● Exercise objective
Emit only the lines from the line containing "this 1673×1672 image." through the last line of the entries, unchanged.

**** Records shown

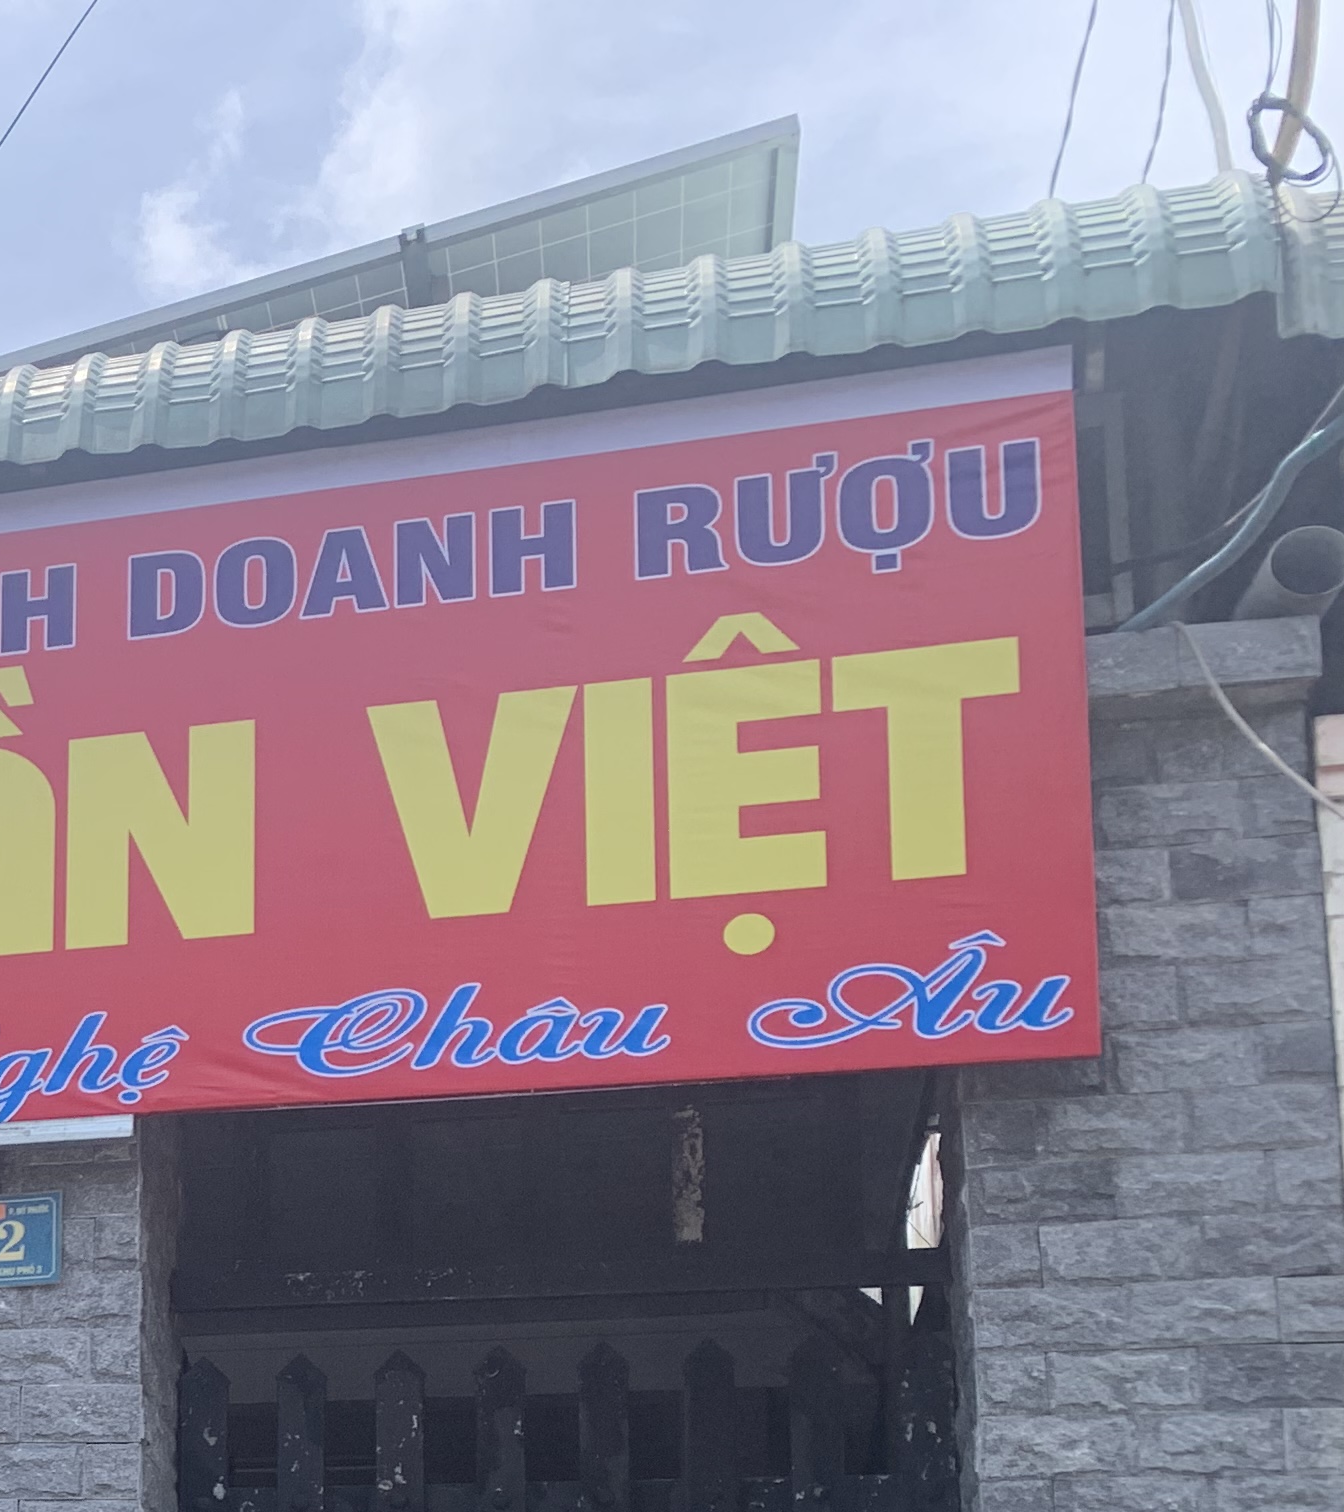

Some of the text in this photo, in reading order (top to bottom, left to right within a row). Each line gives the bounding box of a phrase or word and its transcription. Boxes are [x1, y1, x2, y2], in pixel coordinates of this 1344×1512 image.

[127, 497, 579, 642] DOANH
[633, 437, 1042, 580] RƯỢU
[365, 611, 1021, 957] VIỆT
[242, 982, 670, 1078] Châu
[747, 929, 1074, 1050] Âu
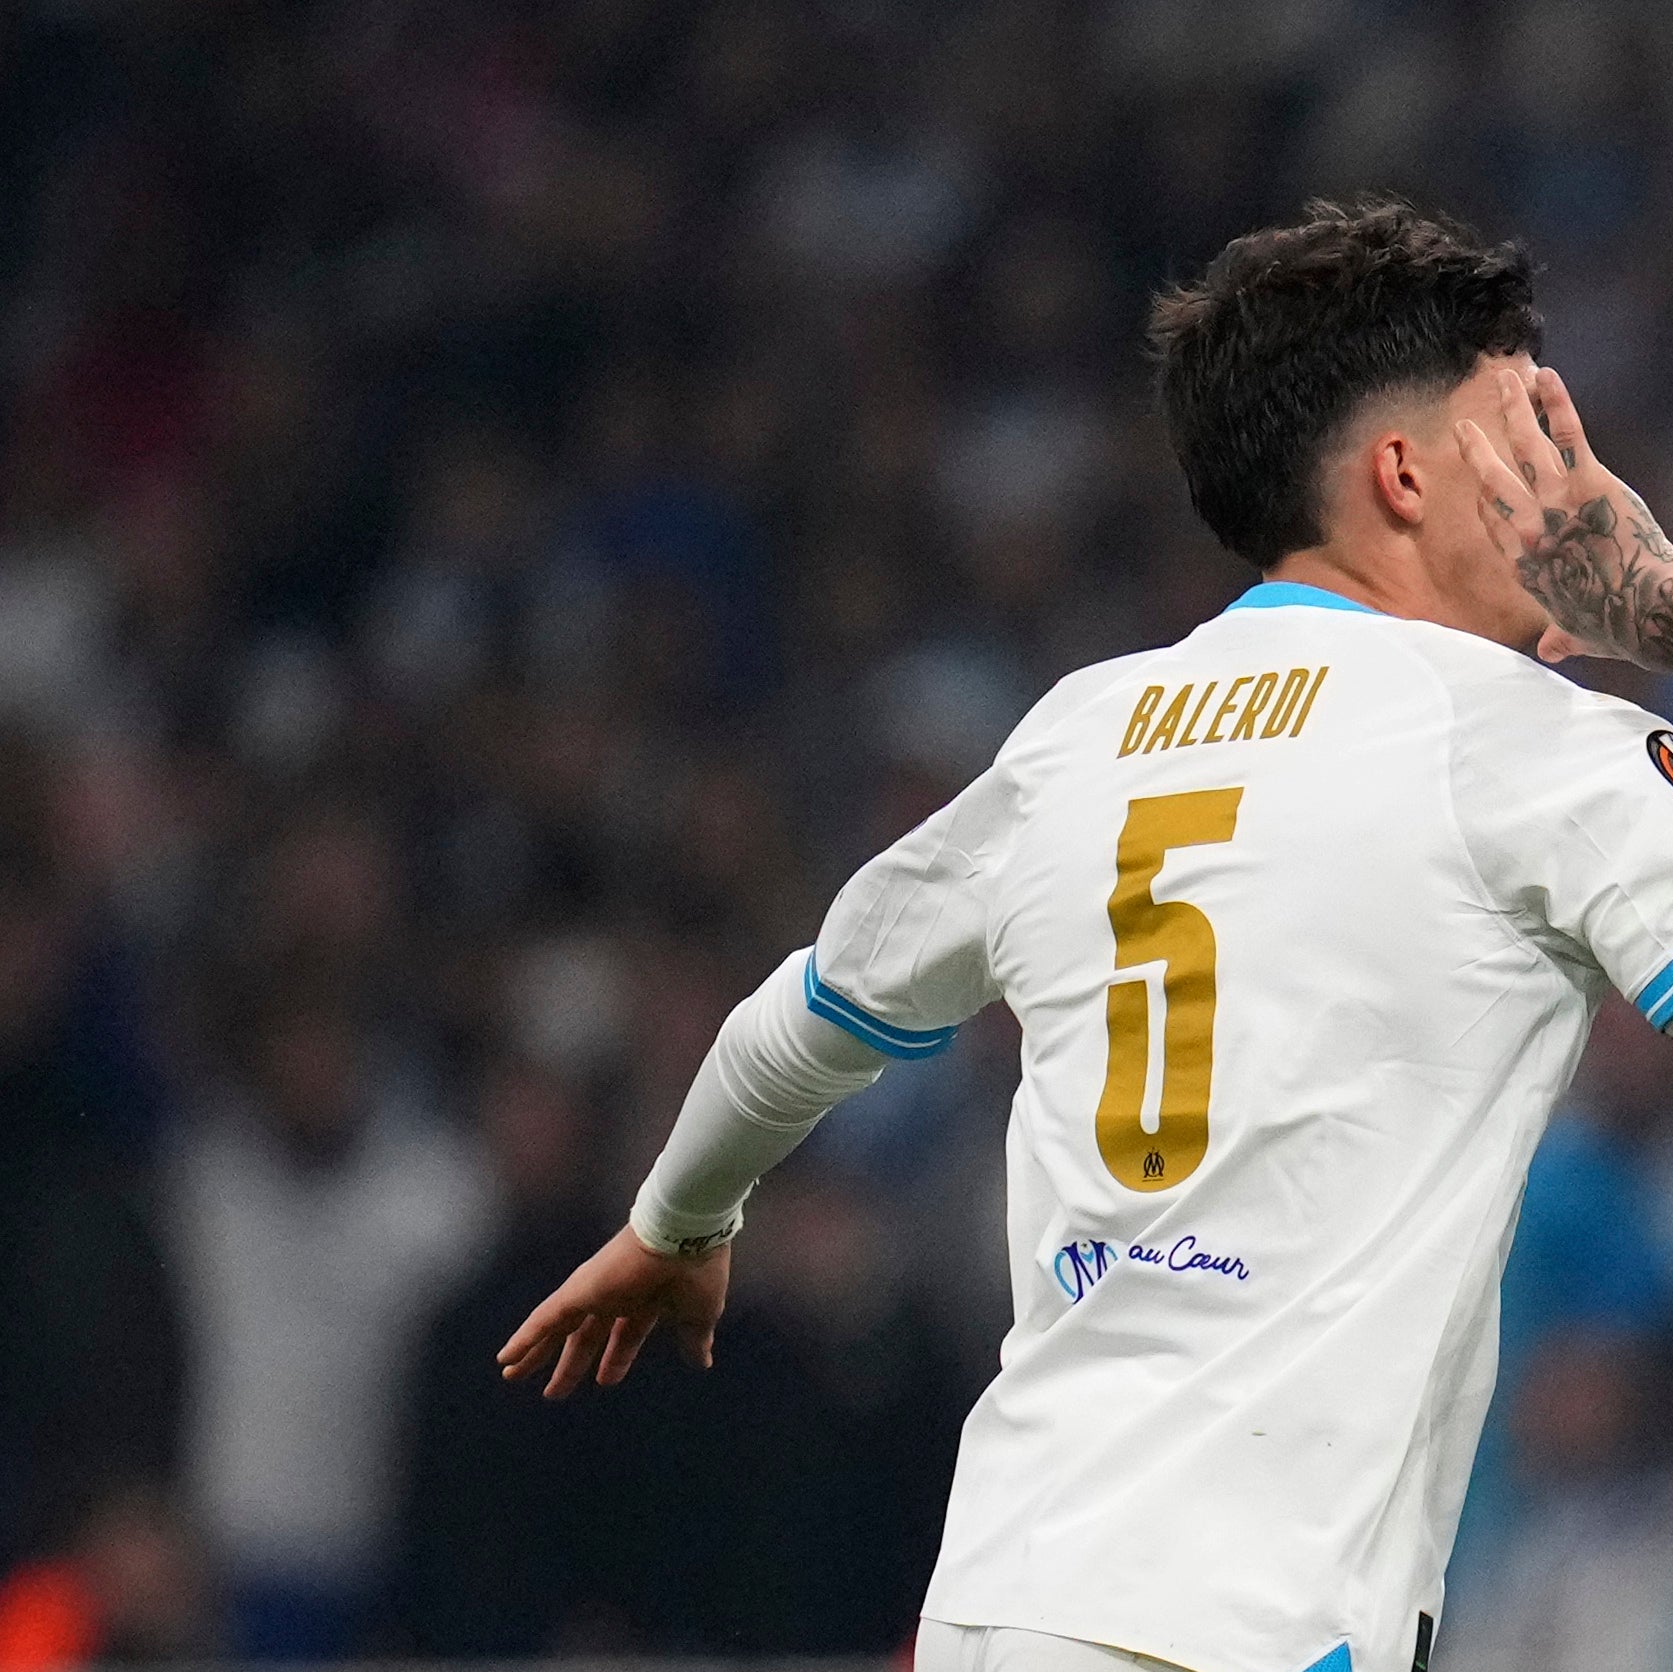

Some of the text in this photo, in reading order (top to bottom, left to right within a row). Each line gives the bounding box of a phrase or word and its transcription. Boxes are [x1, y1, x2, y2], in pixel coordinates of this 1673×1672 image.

[1115, 666, 1329, 760] BALERDI
[1094, 786, 1245, 1193] 5
[1128, 1244, 1165, 1265] au

********

● Result of the task
Some of the text in this photo, in reading order (top to bottom, left to right within a row). Each line gives the bounding box of a phrase or word and its transcription. Boxes are [x1, y1, x2, y2], in pixel coordinates of this 1673×1672 image.

[1115, 666, 1329, 760] BALERDI
[1094, 786, 1245, 1193] 5
[1128, 1244, 1165, 1265] au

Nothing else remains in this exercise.